* [Problem] Exact repetition, pictures omitted: give every record below again.

[Data extract — start]

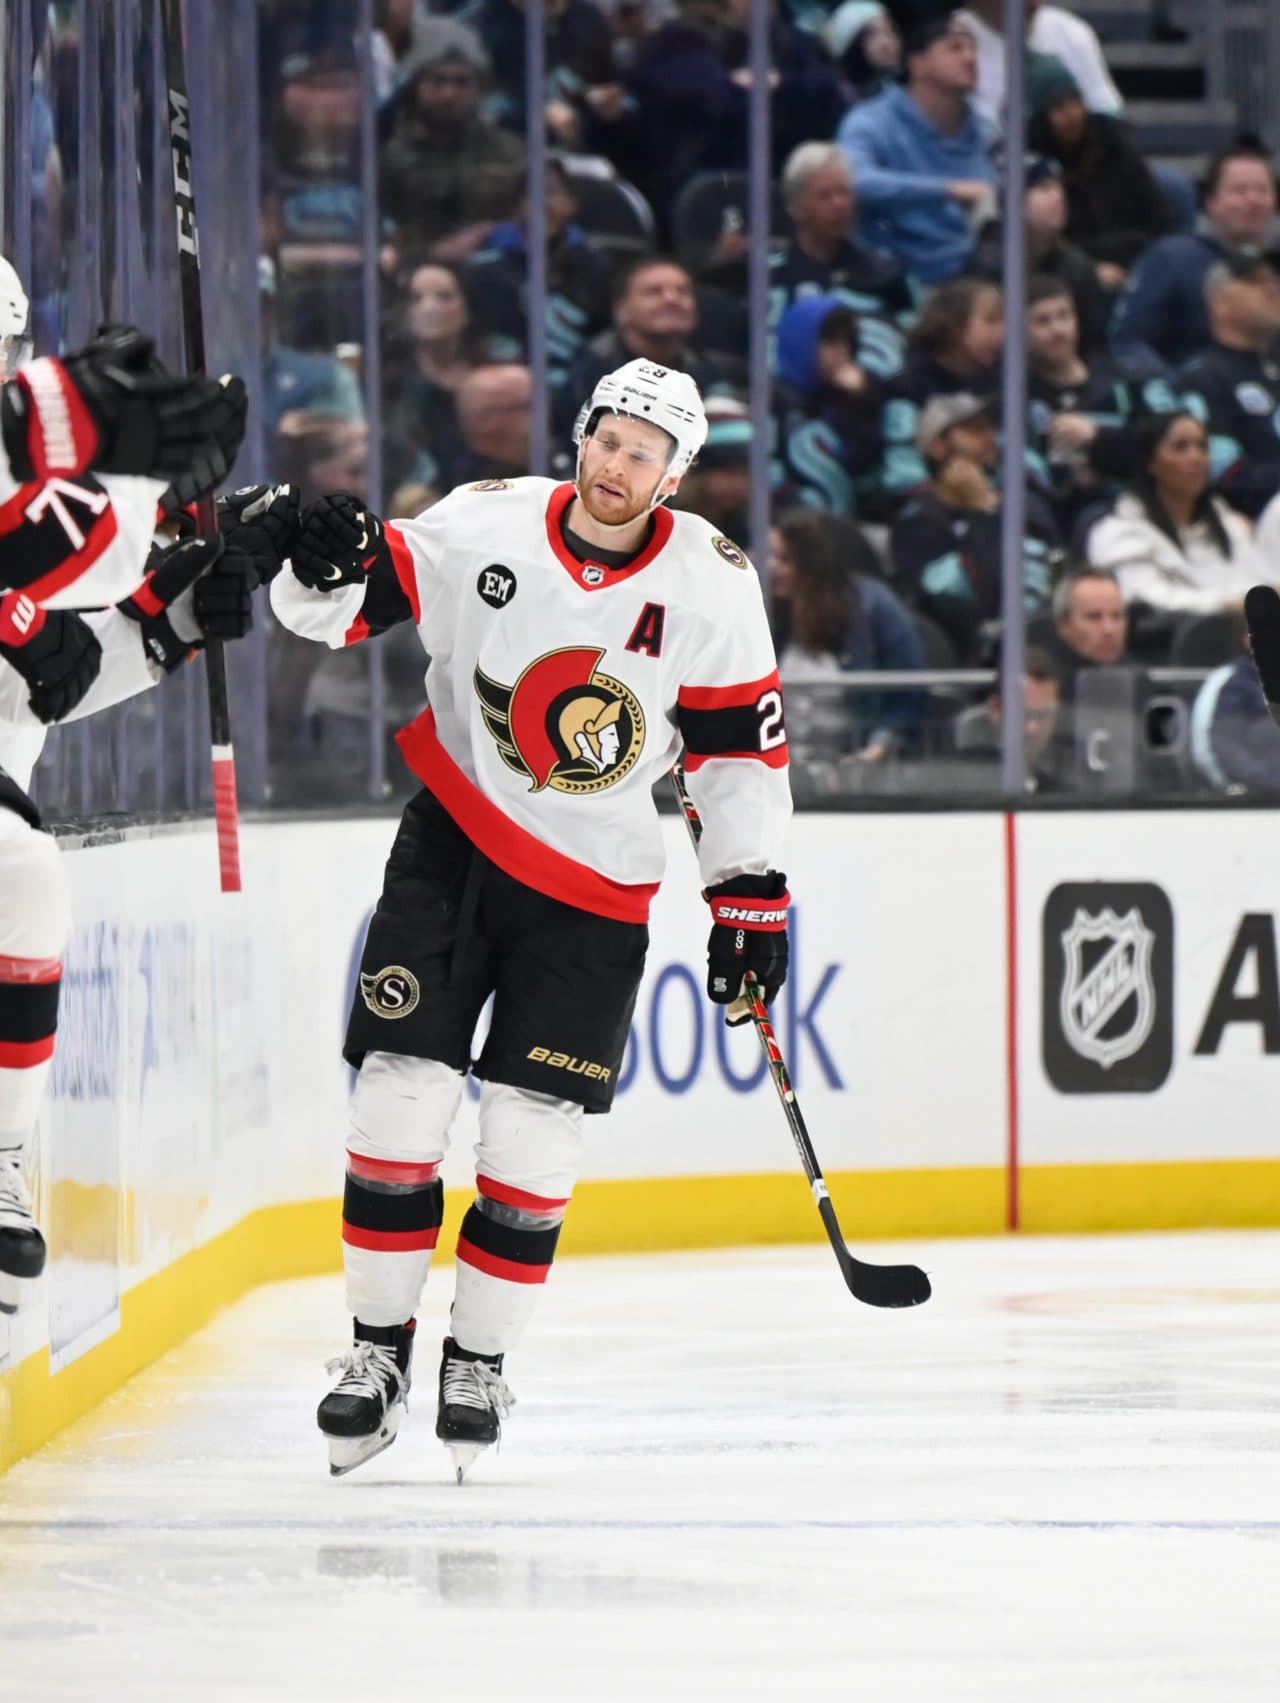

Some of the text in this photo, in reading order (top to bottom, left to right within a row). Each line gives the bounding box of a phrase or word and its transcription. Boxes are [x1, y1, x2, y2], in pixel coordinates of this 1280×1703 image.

[24, 476, 109, 551] 71
[483, 572, 513, 602] EM
[624, 601, 666, 658] A
[527, 1046, 612, 1084] BAUER
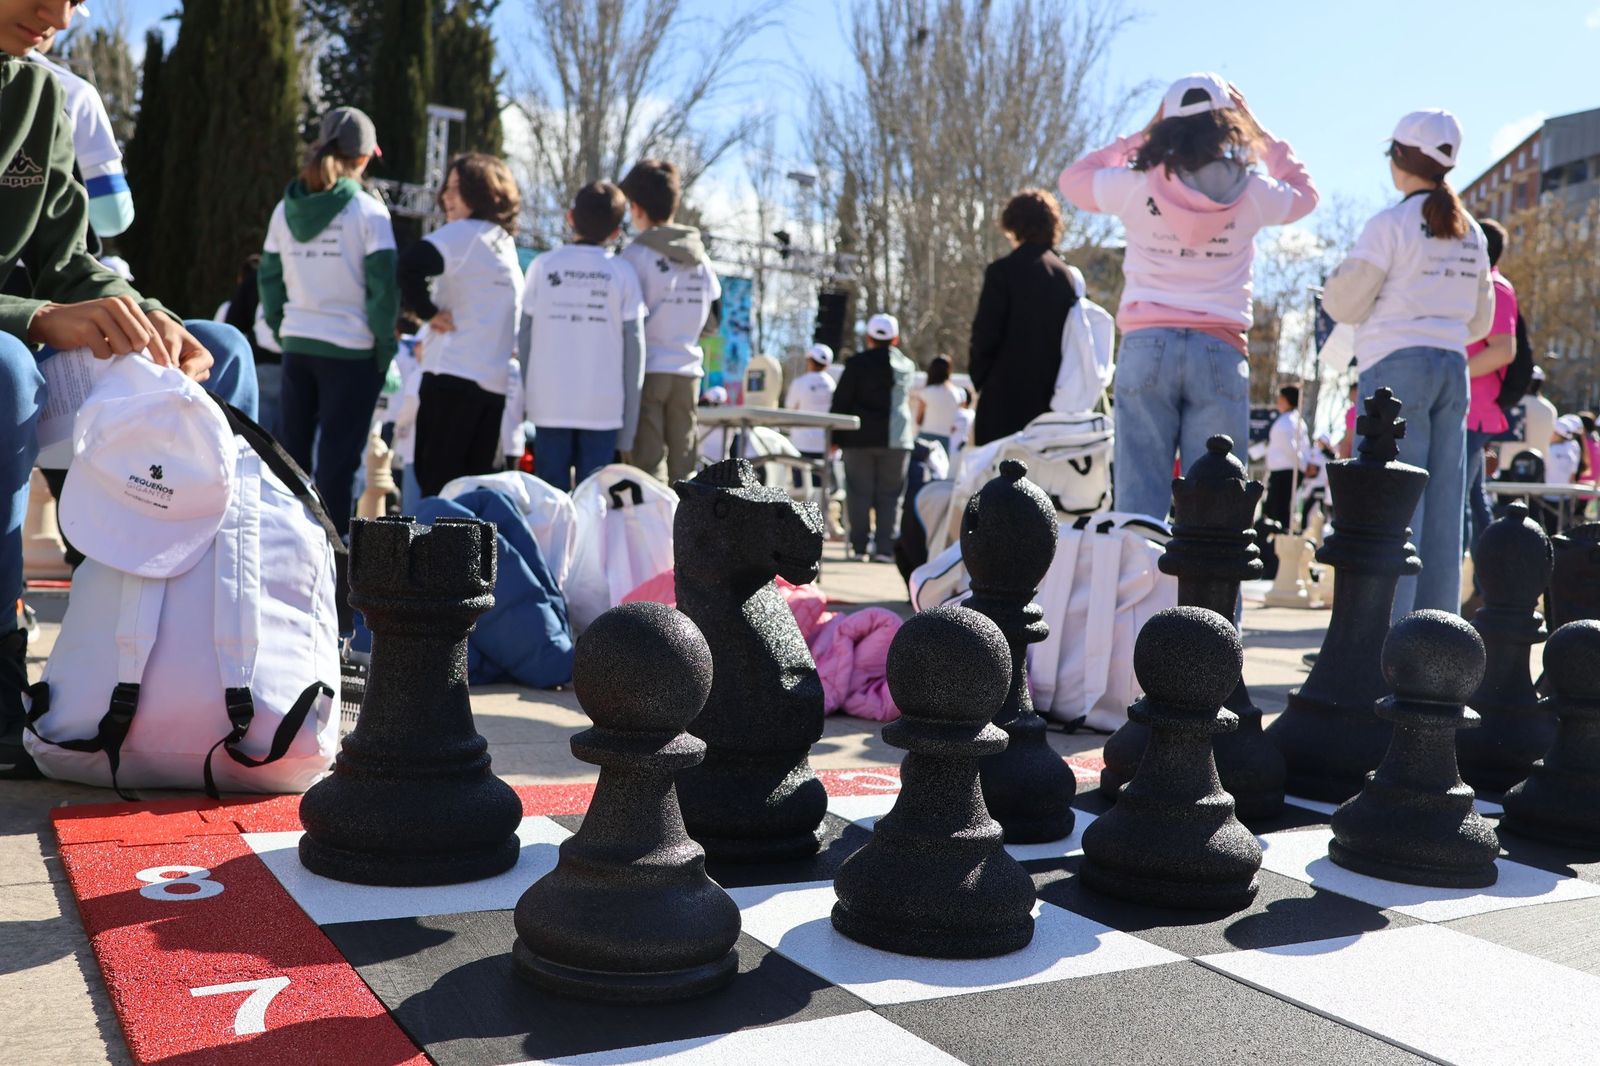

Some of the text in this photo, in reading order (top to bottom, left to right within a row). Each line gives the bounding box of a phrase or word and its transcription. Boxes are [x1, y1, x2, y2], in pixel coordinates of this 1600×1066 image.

[Data extract — finish]

* [Output for this task]
Some of the text in this photo, in reading order (top to bottom, left to right within a row). Each line gives the bounding box of a phrase or word and its transcription. Boxes are [x1, y1, x2, y2], in pixel coordinates of this 1280×1703 image.

[24, 476, 109, 551] 71
[483, 572, 513, 602] EM
[624, 601, 666, 658] A
[527, 1046, 612, 1084] BAUER

Some of the text in this photo, in reading order (top to bottom, left to right within a row). Each line gives the bounding box of a phrase or word and its transcription. Boxes are [x1, y1, x2, y2], in pixel coordinates of this 1600×1066 image.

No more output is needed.